Task description:
An exact reproduction of the data below is expected, free of images.

Source data:
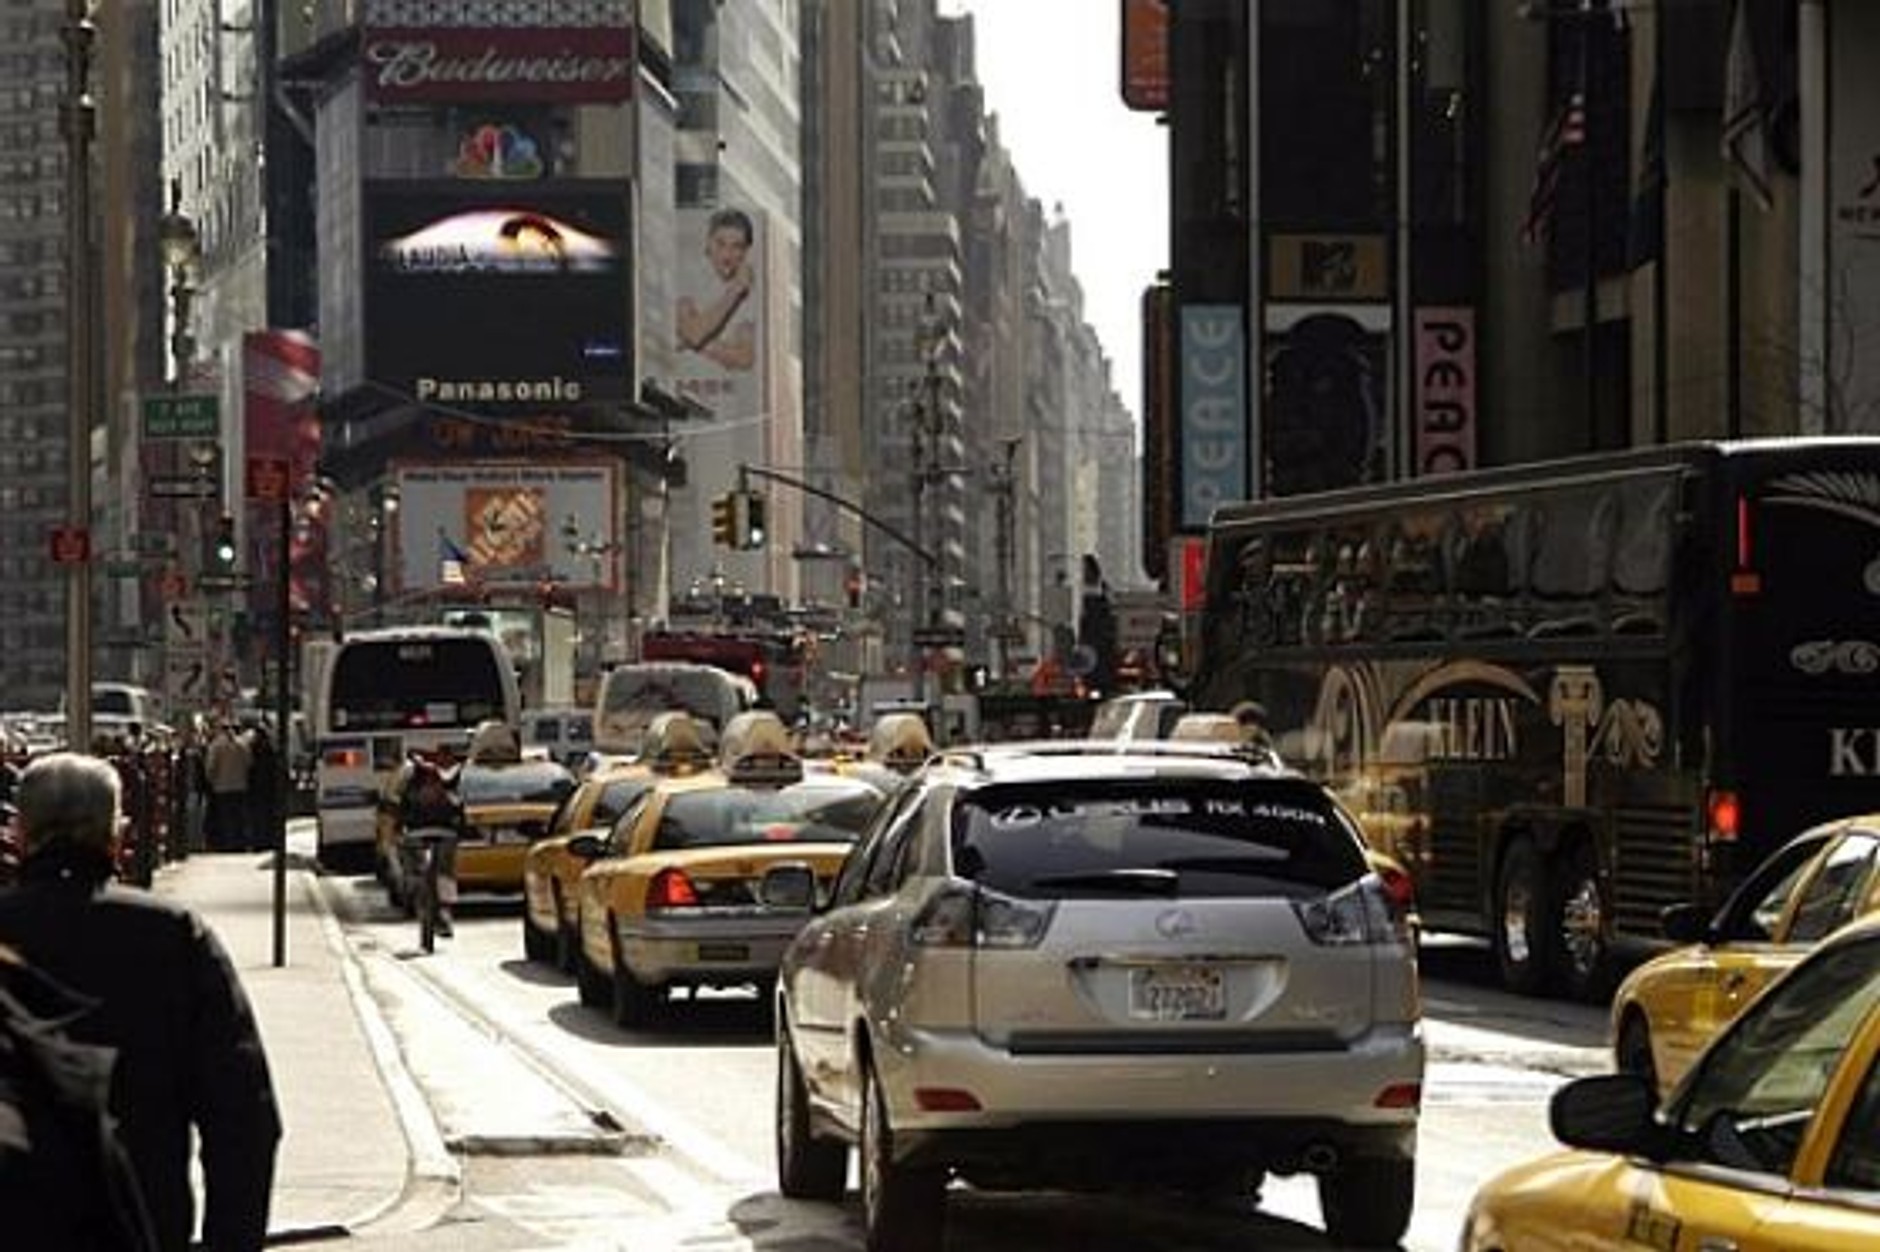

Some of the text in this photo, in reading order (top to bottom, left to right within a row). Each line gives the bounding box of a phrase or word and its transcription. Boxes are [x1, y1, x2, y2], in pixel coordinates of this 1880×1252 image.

[369, 44, 627, 87] Budweiser
[416, 376, 583, 401] Panasonic
[1424, 321, 1468, 474] PEAC
[1429, 698, 1519, 760] KLEIN
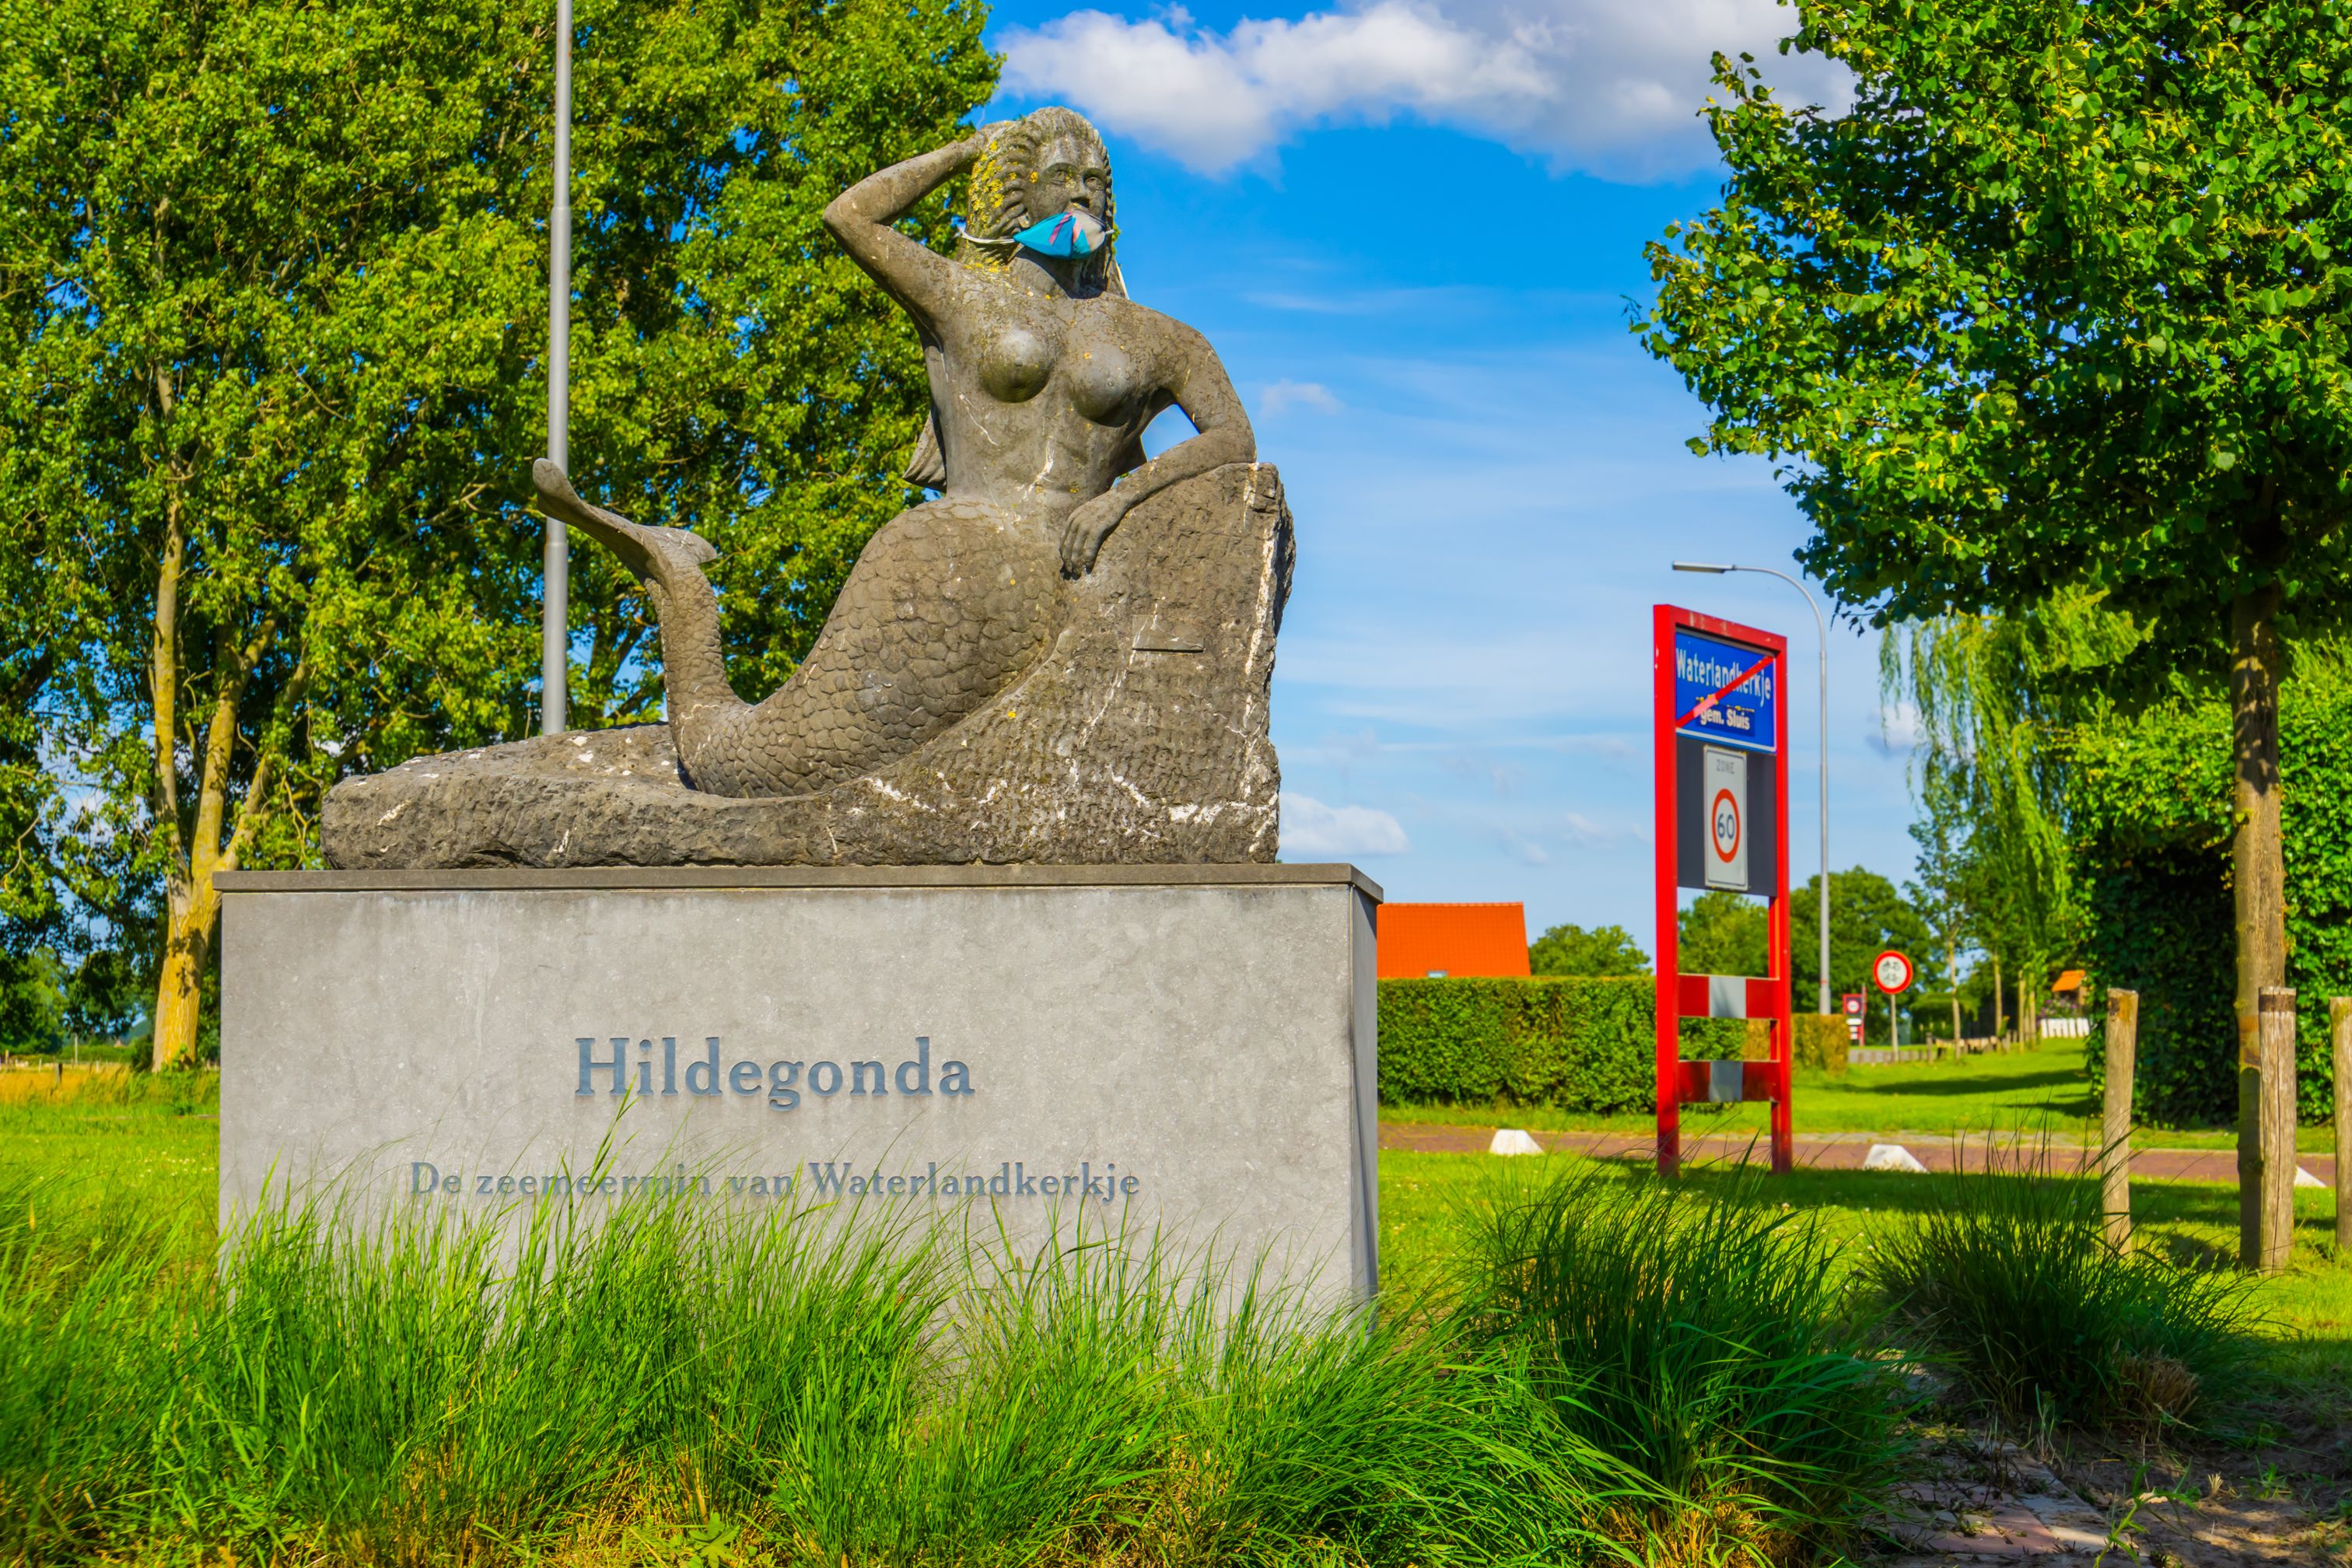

Solution to the problem:
Some of the text in this photo, in reading order (top to bottom, left to right within a row). Each line gives the bounding box of a phrase or word and its transcription. Boxes are [x1, y1, x2, y2], in pixel coordinates of this 1880×1252 image.

[369, 44, 627, 87] Budweiser
[416, 376, 583, 401] Panasonic
[1424, 321, 1468, 474] PEAC
[1429, 698, 1519, 760] KLEIN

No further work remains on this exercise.